**Data listing:**
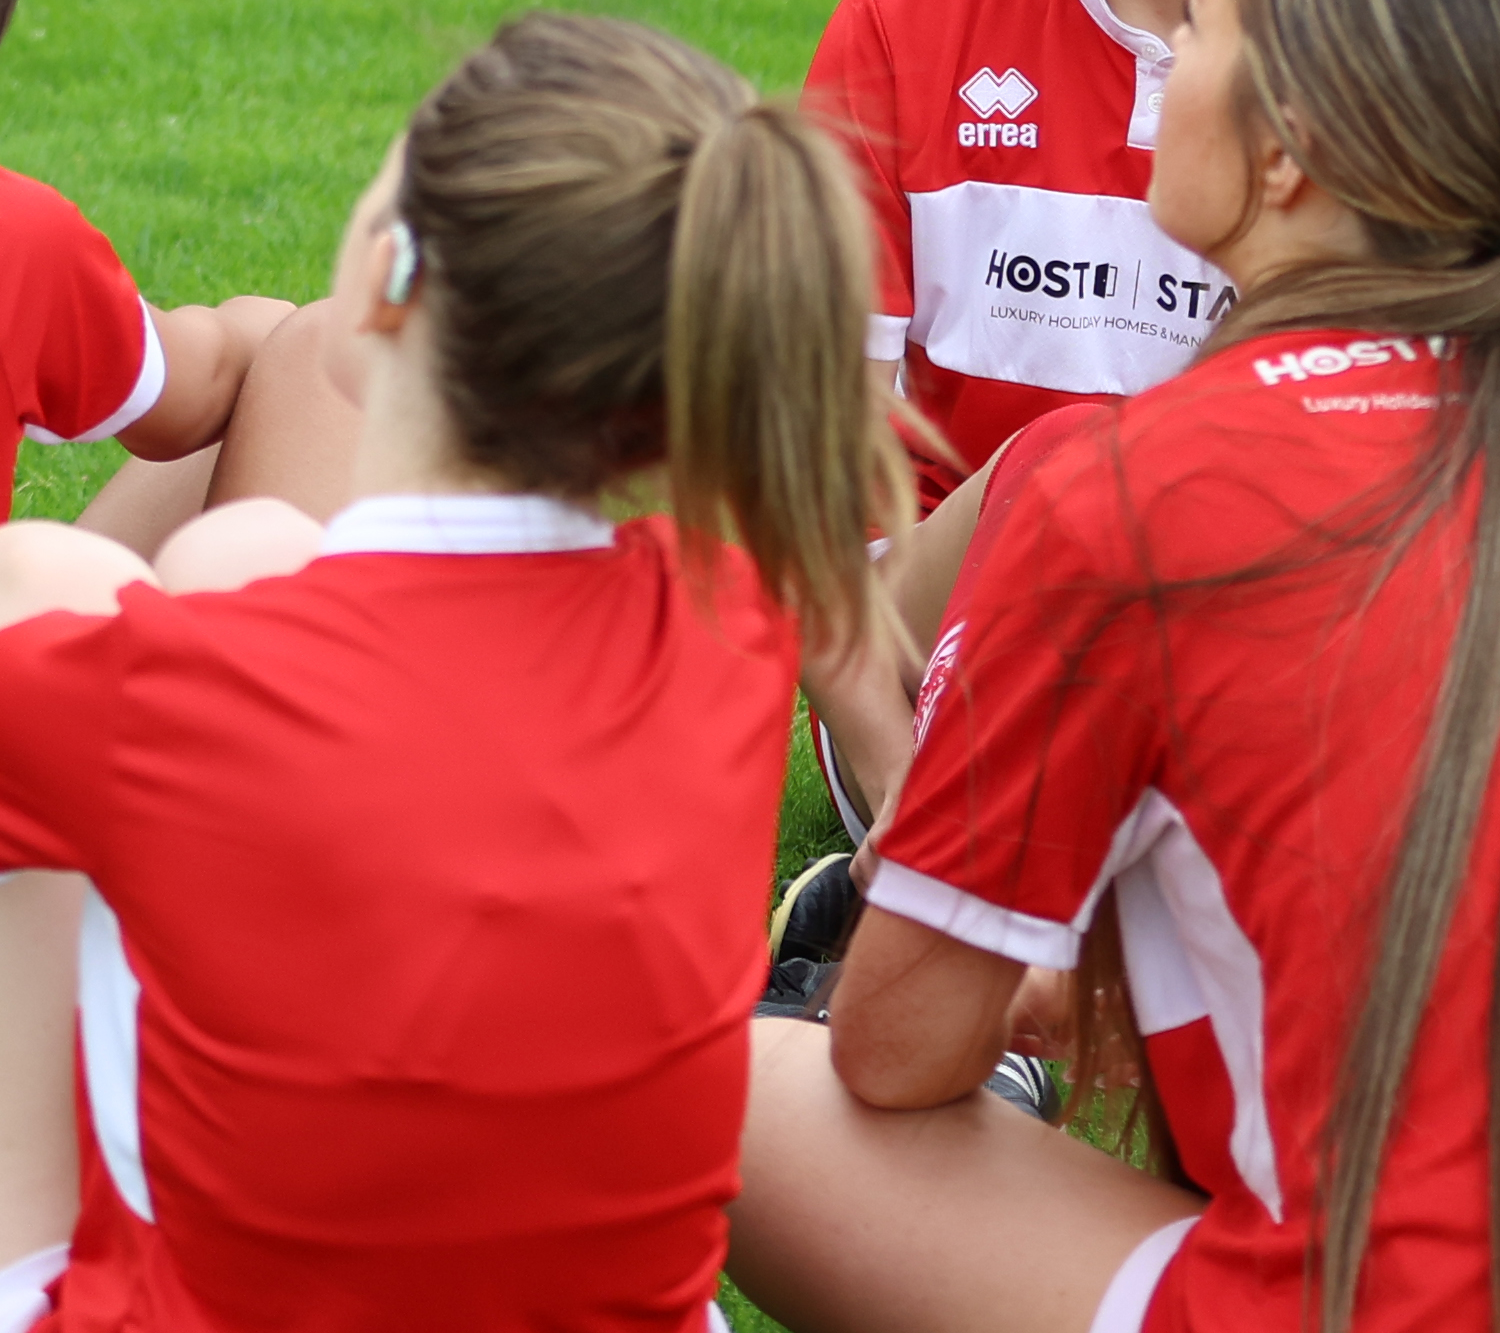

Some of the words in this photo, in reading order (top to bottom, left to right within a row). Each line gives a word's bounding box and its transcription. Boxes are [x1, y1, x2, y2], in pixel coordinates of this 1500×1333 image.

[1156, 273, 1240, 321] STA
[990, 305, 1045, 324] LUXURY
[1048, 315, 1102, 330] HOLIDAY
[1104, 317, 1158, 336] HOMES
[1160, 328, 1168, 339] &
[1302, 396, 1373, 414] Luxury

**Work request:** Your answer must be the records above, copied exactly, with no pictures.

**Result:**
Some of the words in this photo, in reading order (top to bottom, left to right within a row). Each line gives a word's bounding box and its transcription. Boxes are [x1, y1, x2, y2], in pixel coordinates of this 1500×1333 image.

[1156, 273, 1240, 321] STA
[990, 305, 1045, 324] LUXURY
[1048, 315, 1102, 330] HOLIDAY
[1104, 317, 1158, 336] HOMES
[1160, 328, 1168, 339] &
[1302, 396, 1373, 414] Luxury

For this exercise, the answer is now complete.